Such are the agreeable evenings passed at White's, and the other coffee-houses about St. James's. Such is the happiness of assemblies, routs, drums, and hurricanes; and without gaming, what insipid things are even masquerades and ridottos! At such meetings the man who is good company, plays the game very well, knows more cases than are in Hoyle, and often possesses some particular qualifications, which would be no great recommendation to him any where else. Instead of meeting together, like other companies, with a desire of mutual delight, they sit down with a design upon the pockets of each other: though, indeed it is no wonder, when one has stripped another of two or three thousand pounds, if the successful gamester thinks the person he has fleeced very good company.

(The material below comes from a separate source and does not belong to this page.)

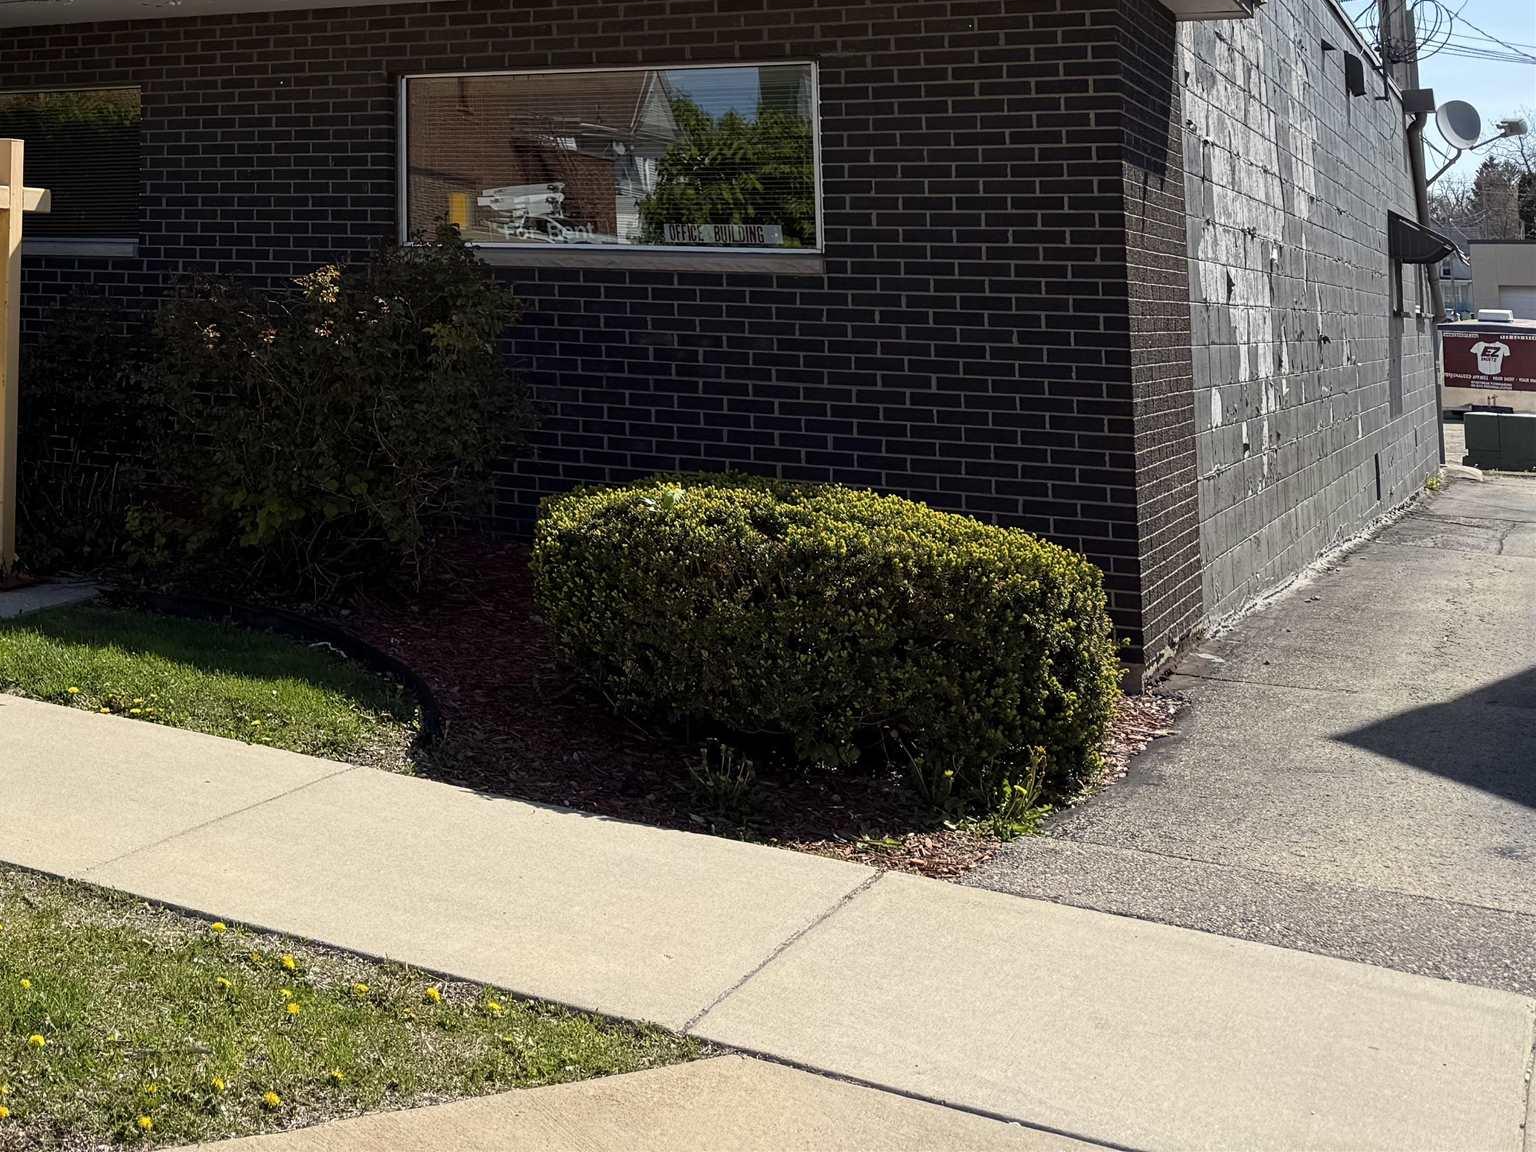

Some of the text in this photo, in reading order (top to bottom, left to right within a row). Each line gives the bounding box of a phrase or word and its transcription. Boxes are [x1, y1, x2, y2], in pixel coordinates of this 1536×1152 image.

[669, 224, 765, 243] OFFICE BUILDING
[1481, 346, 1502, 357] EZ
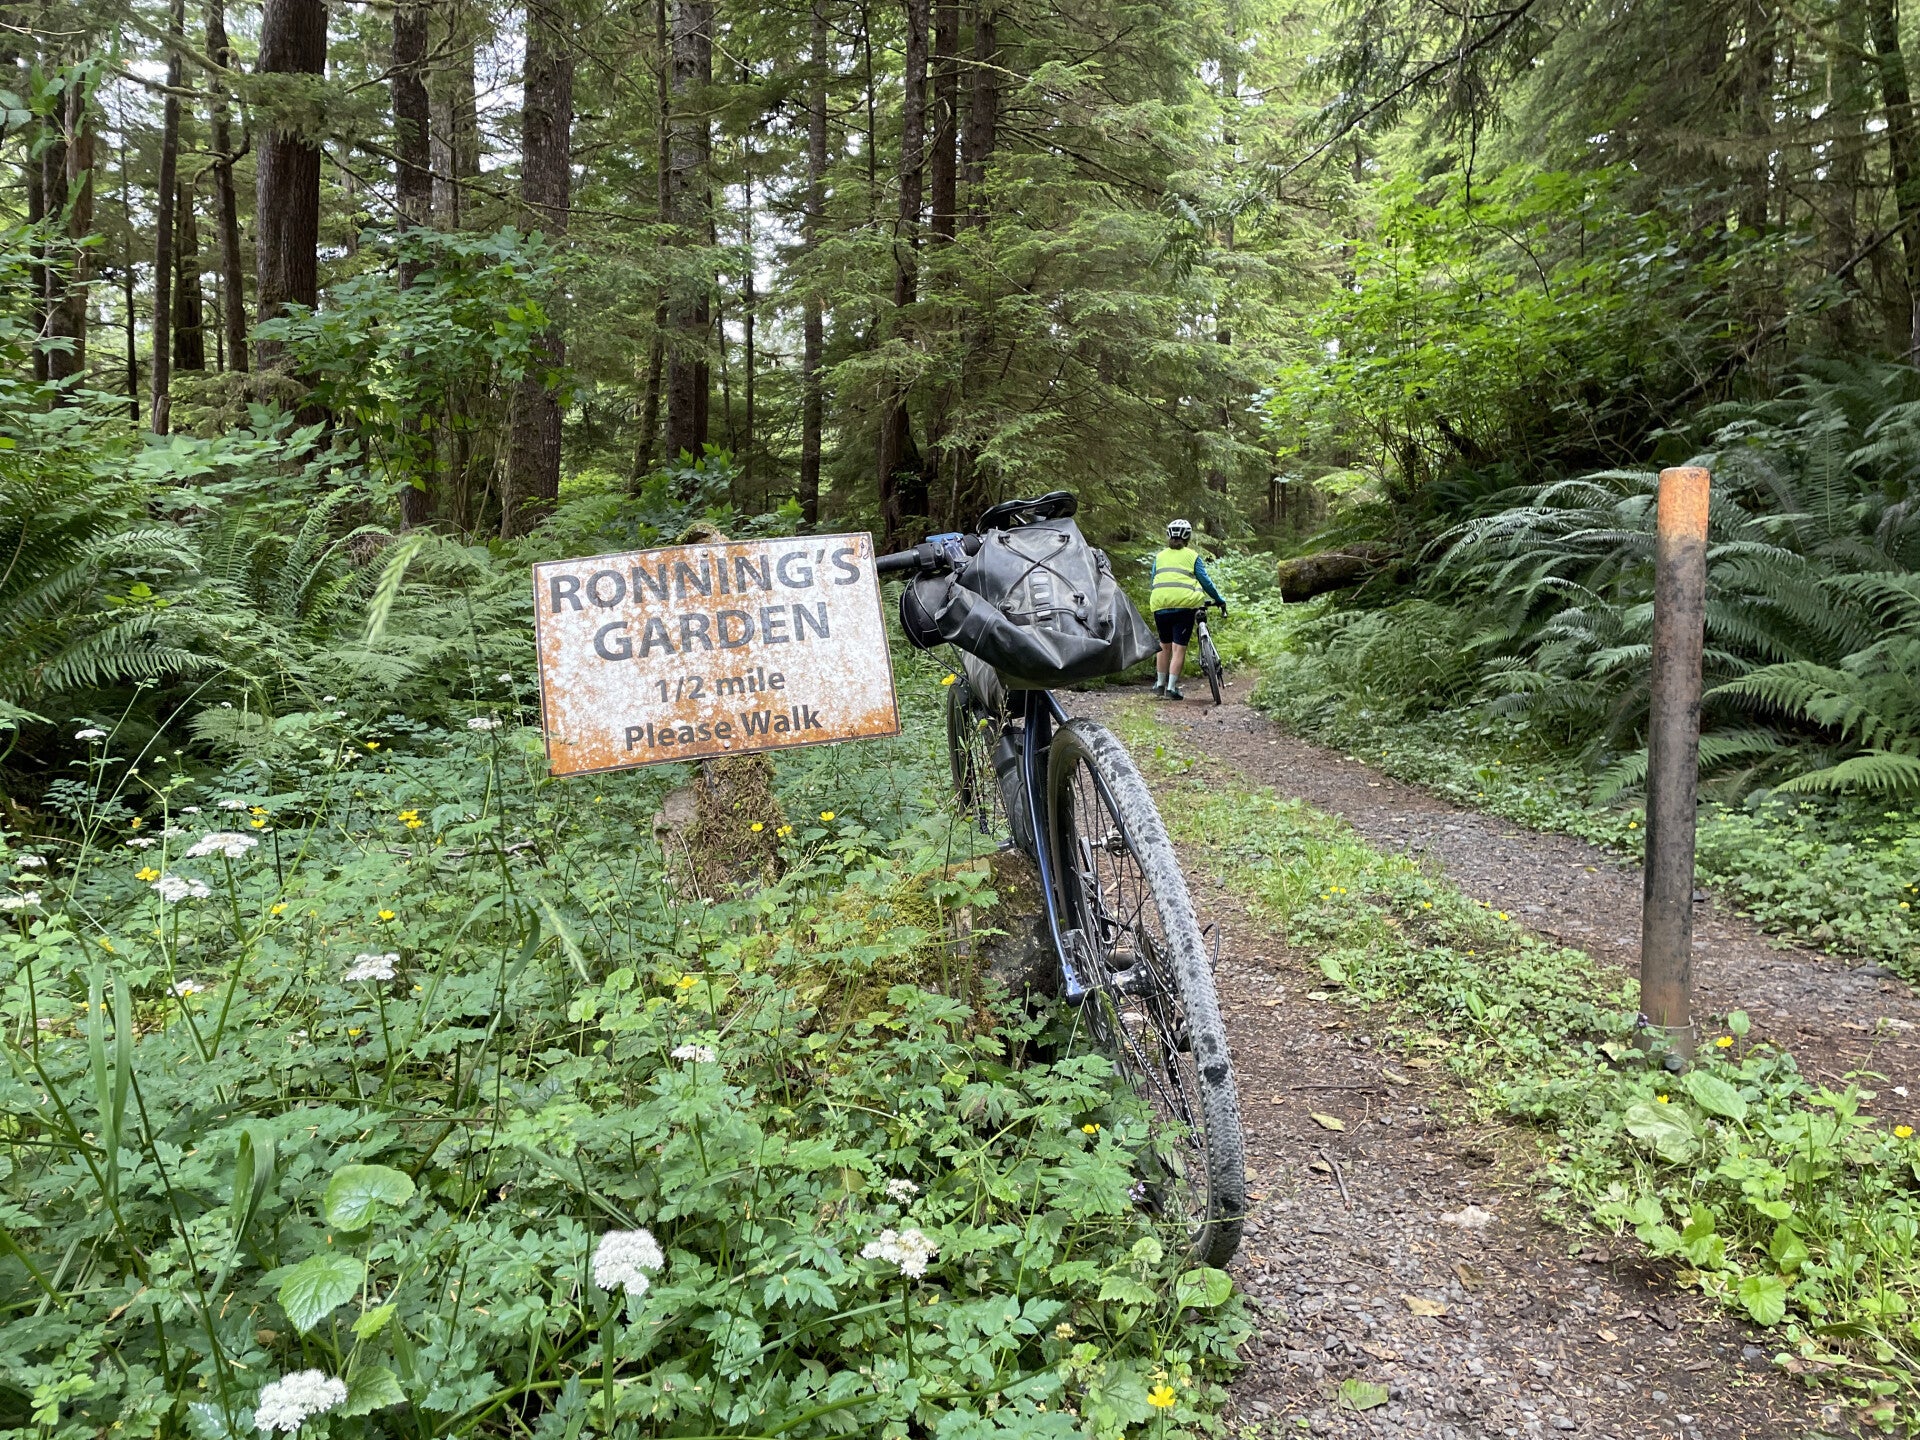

By what has been said, it appears that the notion of good company excludes all useful conversation which, in either of the abovementioned societies, would undoubtedly be despised as stupid and pedantic. The witlings have too lively a genius, and too warm an imagination, to admit it. The boon companions can join nothing but love to a bottle: and among gamesters, it would, like sleep, be mere loss of time, and hindrance of business. Yet an accomplished member of either of these societies is called good company; which is just as proper an expression, as, according to Serjeant Kite, Carolus is good Latin for Queen Anne, or a stout beating. But a set of people, who assemble for no other purpose than to game, have, in particular, so very bad a title to the denomination of good company, that they appear to me to be the very worst.

0.

N° 58. THURSDAY, MARCH 6, 1755.

Quicunque impudicus, adulter, ganeo, quique alienum as grande conflaverat, quo flagitium aut facinus redimeret ; præterà, omnes undique parricida, sacrilegi, convicti judiciis, aut pro factis judicium timentes; ad hoc, quòs manus atque lingua perjurio et sanguine civili alebat ; postremò, omnes, quos flagitium, egestas, conscius animus exagitabat.

SALLUST.

Would you, like Cataline's, an army choose,
Go ransack White's, the taverns, and the stews:
Press every buck and blood, renown'd for drinking,
For wenching, gambling, fighting, and free-thinking.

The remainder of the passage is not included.